Un gruppo di hacker iraniani ha sferrato un attacco massiccio alle industrie israeliane che rappresentano il Gotha del settore tecnologico, della logistica e dei trasporti.
Protagonisti di questo assalto alla baionetta sono quelli di “Imperial Kitten”, banda anagraficamente “cangiante” e nota negli scenari di guerra cibernetica anche con i nomi di Tortoiseshell, TS456, Crimson Sandstorm e Yellow Liderc. Sono gli stessi che per diversi anni hanno utilizzato anche il personaggio online Marcella Flores…
Non è una gang di liberi professionisti, ma un team che agisce sotto il controllo e il coordinamento del Corpo delle Guardie rivoluzionarie islamiche.
Questi balordi sono attivi almeno dal 2017 e vantano nel proprio curriculum l’aver trafitto i sistemi informatici di organizzazioni operanti nelle aree di difesa, innovazione, telecomunicazioni, navigazione marittima, energia, consulenza e servizi di vario genere.
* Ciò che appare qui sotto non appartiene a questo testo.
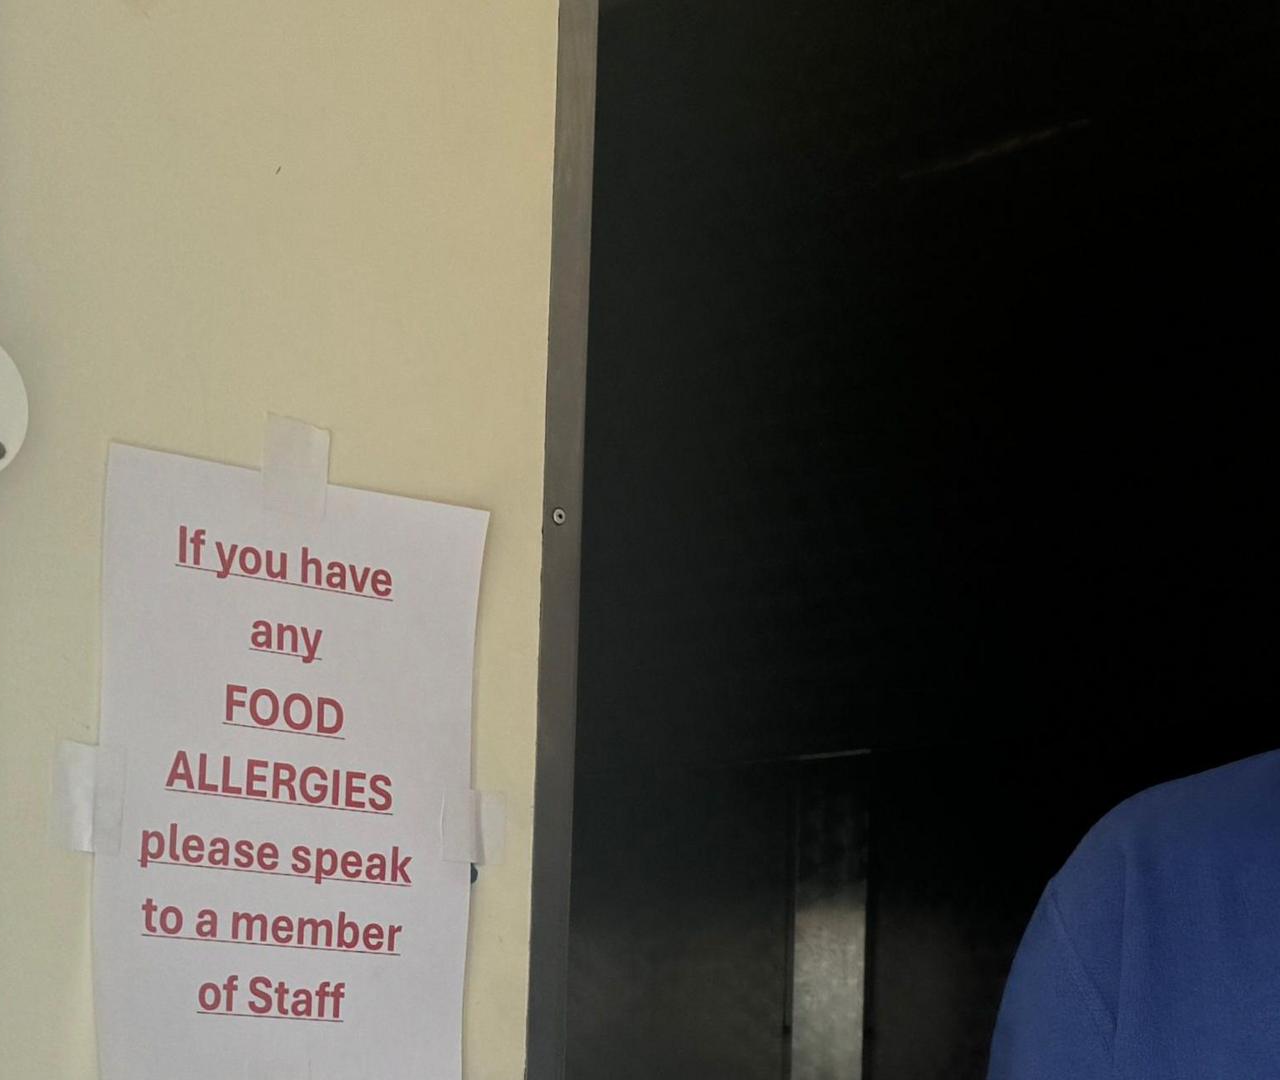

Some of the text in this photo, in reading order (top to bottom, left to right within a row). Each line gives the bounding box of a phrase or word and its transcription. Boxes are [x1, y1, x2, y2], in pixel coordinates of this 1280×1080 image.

I tizi in questione non hanno certo “firmato” le malefatte che hanno avviato negli ultimi giorni ma i ricercatori della società di sicurezza Crowdstrike hanno riconosciuto la loro “mano”. L’attribuzione della paternità degli attacchi è avvenuta a seguito di una meticolosa attività di analisi che è partita dalla sovrapposizione di elementi rilevati negli archivi di precedenti “campagne offensive”, quali tattiche, tecniche e procedure osservate (TTP), uso del malware IMAPLoader e esche di phishing.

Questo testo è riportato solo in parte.